Tag: analysis

The Count of Monte Cristo

And now, the plot

Or,
Edmond Dantes; If God didn’t want me to do this he’d have killed me by now

It might actually take me a few posts to simplify the plot because The Count Of Monte Cristo is, in actuality, several interweaving stories

Part 1: The book versus films

Whom we must be revenged upon:
Mercedes; Edmond’s betrothed who panic marries his rival
Fernand; Edmond’s love rival for Mercedes who posts the allegations against Edmond which lead to his imprisonment

Most films emphasize this particular revenge and minimize the revenge on Villefort which is arguably the stupidest move. Genuinely. What happens to Villefort is so much more intricate and interesting. By focusing purely on the love story which is not the center of the novel these films do absolutely no justice to how fucked up Edmond Dantes is. A huge bummer.

Commonly in film: Mercedes’ son Albert is kidnapped and miraculously saved by the mysterious Count of Monte Cristo.
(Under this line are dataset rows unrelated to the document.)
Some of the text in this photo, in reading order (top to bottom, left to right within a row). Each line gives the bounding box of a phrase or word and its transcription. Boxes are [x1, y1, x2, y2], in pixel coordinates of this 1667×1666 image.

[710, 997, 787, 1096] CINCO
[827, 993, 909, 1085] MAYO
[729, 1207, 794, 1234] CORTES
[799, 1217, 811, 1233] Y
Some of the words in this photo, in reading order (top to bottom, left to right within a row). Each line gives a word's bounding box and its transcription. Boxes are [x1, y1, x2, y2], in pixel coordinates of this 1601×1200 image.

The count uses Albert to be introduced into society. Mercedes is still in love with Dantes, recognizes him, explains that she needed to marry Fernand because Dantes had gotten her pregnant, after a duel with Fernand, they all run away together, lovers and bastard son. Hooray.
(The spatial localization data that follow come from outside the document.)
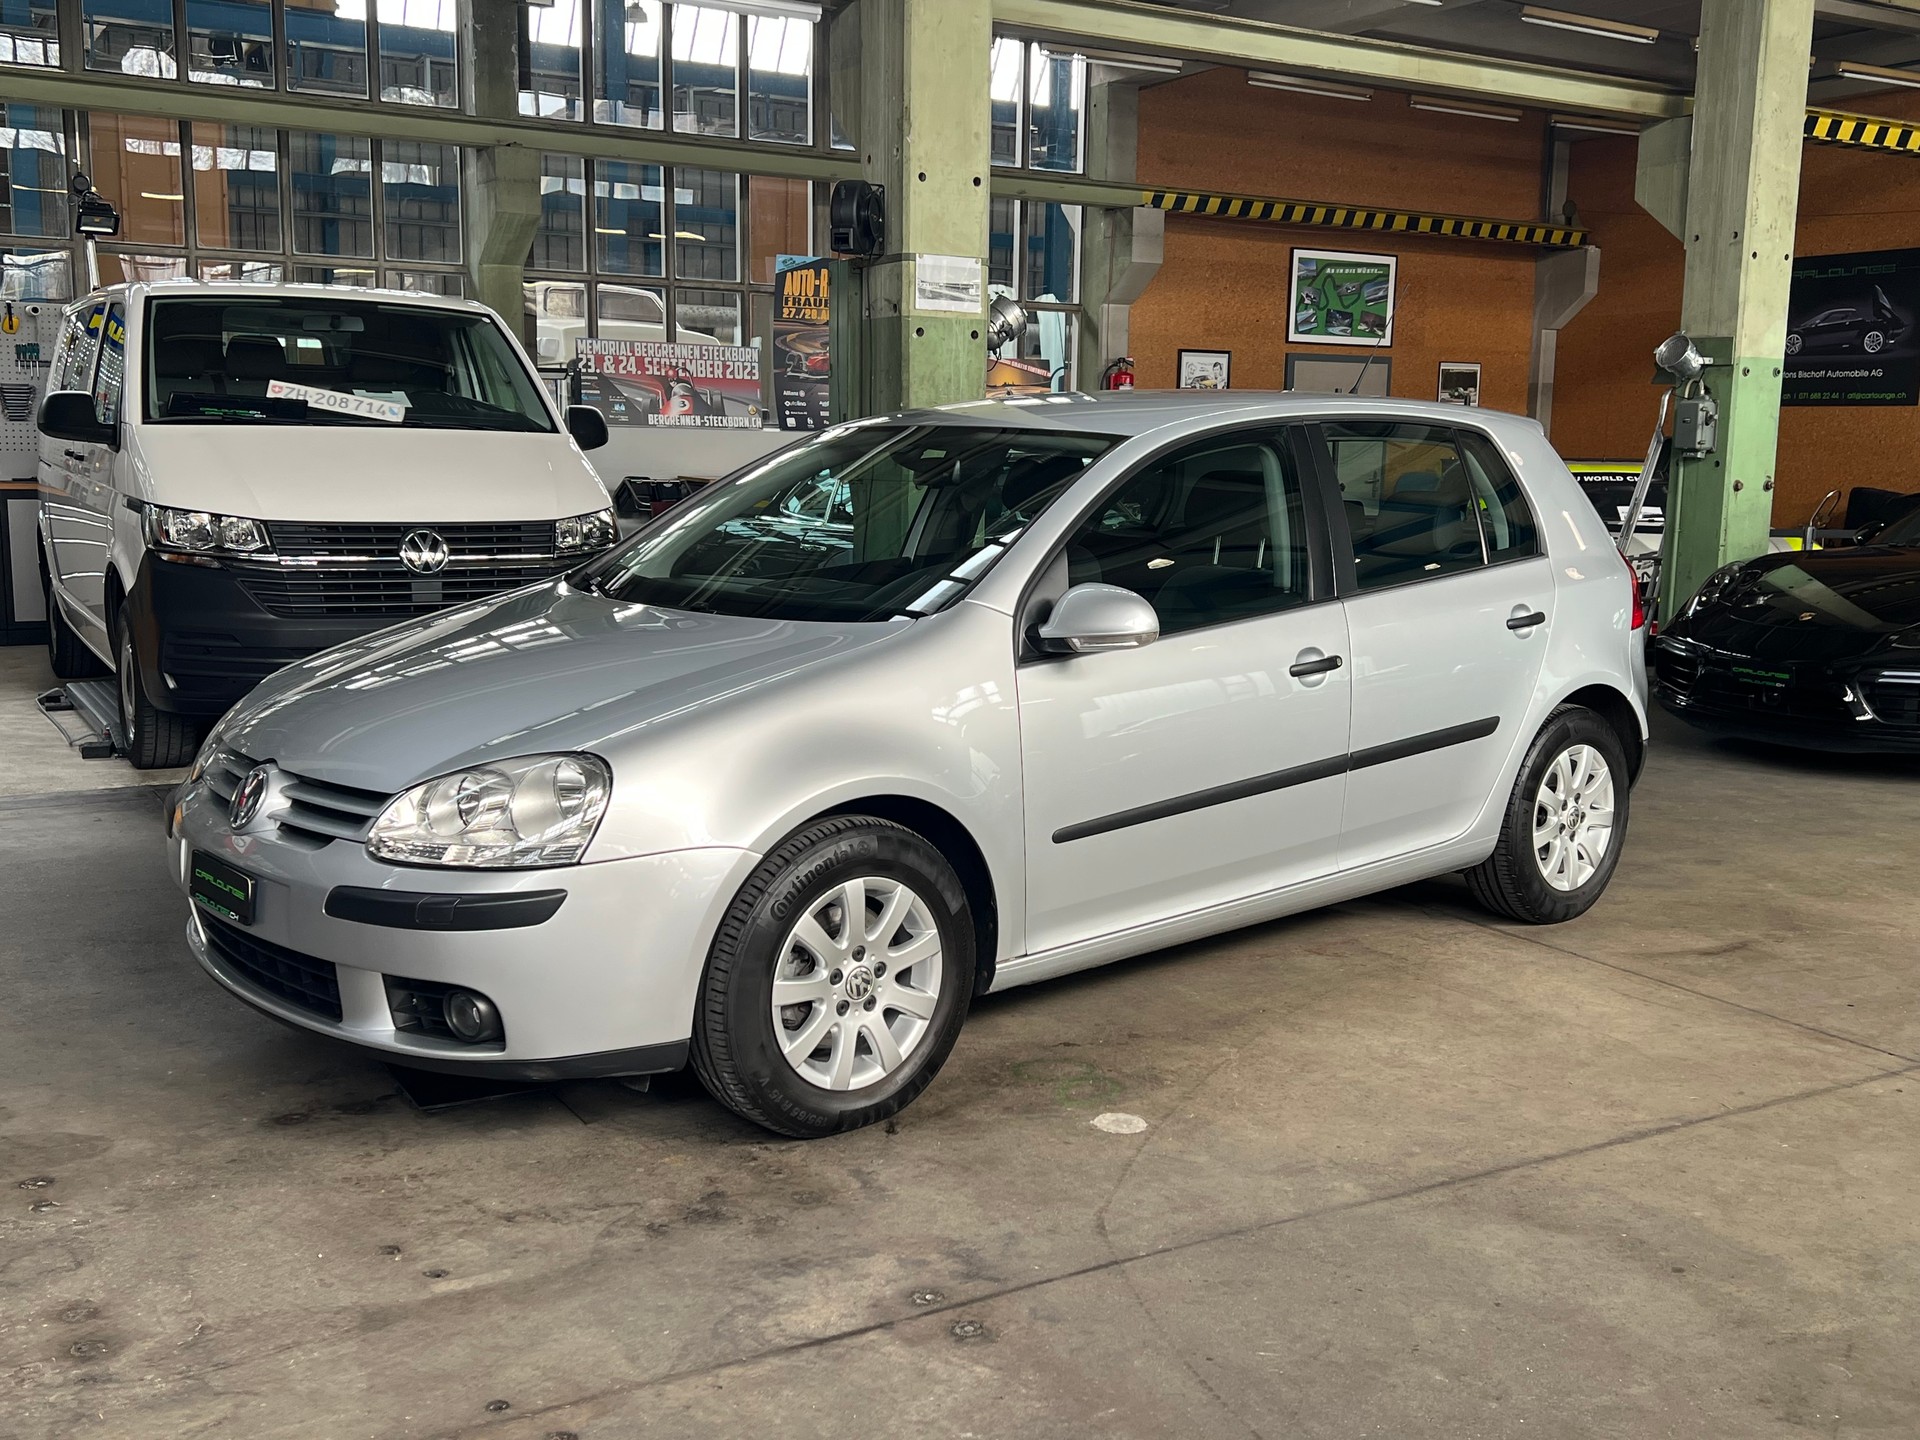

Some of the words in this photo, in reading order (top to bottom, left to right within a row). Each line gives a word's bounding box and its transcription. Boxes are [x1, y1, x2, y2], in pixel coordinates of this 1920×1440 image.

[783, 268, 829, 298] AUTO-R
[1793, 264, 1897, 279] ARLOUNGE
[577, 339, 633, 356] MEMORIAL
[634, 342, 700, 360] BERGRENNEN
[702, 345, 759, 362] STECKBORN
[577, 353, 600, 374] 23.
[603, 355, 616, 374] &
[618, 356, 642, 375] 24.
[644, 358, 723, 379] SEPTEMBER
[725, 361, 760, 380] 2023
[1798, 369, 1826, 379] Bischoff
[1826, 369, 1869, 378] Automobile
[1870, 368, 1884, 377] AG
[648, 413, 762, 429] BERGRENNEN-STECKBORN.CH
[770, 841, 855, 921] Continental
INCORRECT. Chronologically:

The mysterious Count of Monte Cristo buys a slave named Haidee. She is the daughter of a disgraced Vizier and former princess in a Grecian court of Arab descent.
She worships him as her savior and he does not treat her as a slave but as a ward, often bringing her to social events to show off her beauty (allegedly)
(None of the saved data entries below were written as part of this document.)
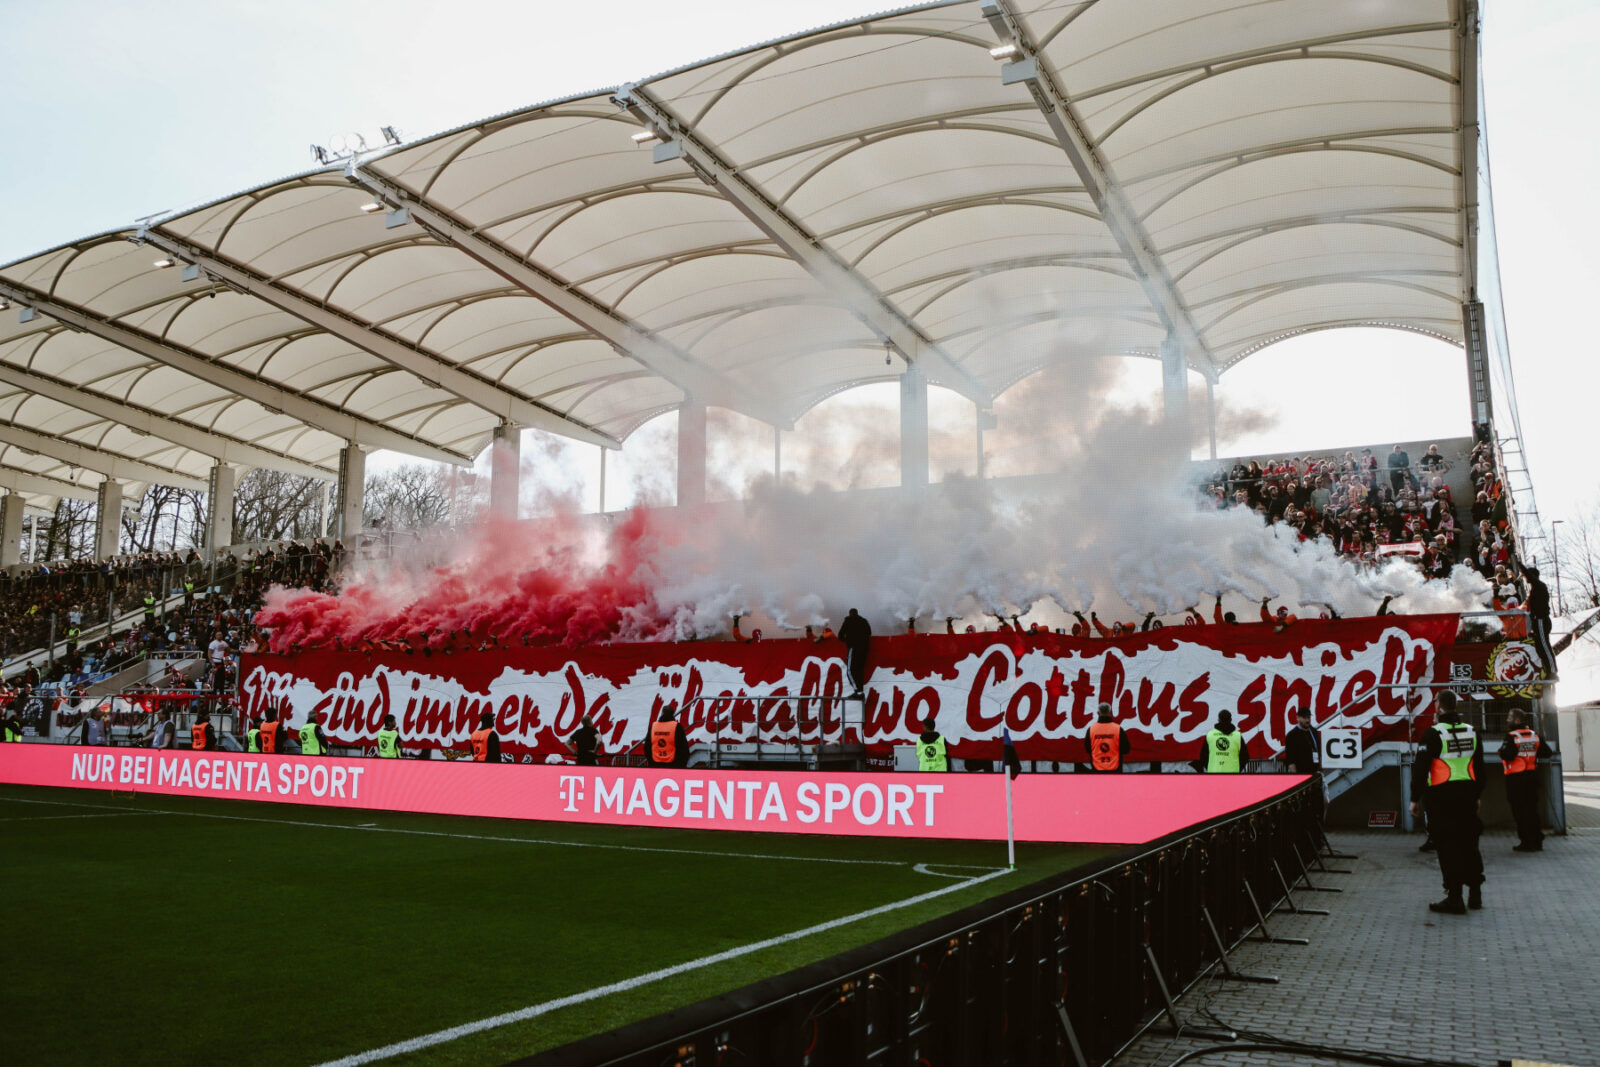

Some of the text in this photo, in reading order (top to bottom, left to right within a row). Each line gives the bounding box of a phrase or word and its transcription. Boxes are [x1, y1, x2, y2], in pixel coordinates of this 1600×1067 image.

[313, 671, 391, 734] sind
[403, 678, 541, 737] immer
[648, 662, 844, 737] überall
[863, 685, 941, 735] wo
[966, 650, 1211, 733] Cottbus
[1237, 634, 1427, 747] spielt
[1326, 738, 1357, 759] C3
[72, 754, 364, 799] NUR BEI MAGENTA SPORT
[595, 777, 788, 821] MAGENTA
[797, 782, 944, 826] SPORT
Monte Cristo indeed arranges for Albert to be kidnapped, Albert is really cool about it. By the time Albert leaves, all of the smugglers are shaking his hand and they’re all buddies. He calmly is like ‘oh cool, you saved me? You didn’t need to but that’s chill of you. Let’s be best friends’ and Monte Cristo is like yeah sure.

Monte Cristo avoids Mercedes at all costs and is weird about Albert being like ‘man my mom is cool. You wanna meet my mom? I’d fuck my mom if we weren’t related’

Monte Cristo keeps introducing Albert to Haidee saying ‘man, she’s the best. Isn’t she great? Wouldn’t it suck if she had a tragic past related to your dad? Definitely not a past linked to me. Your dad does fucked up shit a lot. Didn’t your dad used to work for a Vizier in Greece when he was a sailor before he became super mega rich for no reason. Anyway, check out my hot daughter. Hope you don’t fall in love with her’

And Albert’s like ‘my mom is cool’. And Monte Cristo is like ‘yeah, yeah she’s great, shut up’.

Eventually it becomes unavoidable and Monte Cristo and Mercedes meet.
Mercedes is still in love with Dantes, is the only one to recognize him, explains that she needed to marry Fernand because she didn’t know what else to do and has lived basically in mourning her whole life having chronic nightmares of Edmond’s reported death. She and Fernand have a loveless relationship that both tolerate. Their son, however, kicks ass and is the only thing Mercedes likes about being alive.
Albert agrees he’s Great. And also check out how cool my mom is. Monte Cristo is like yeah that’s nice, kid.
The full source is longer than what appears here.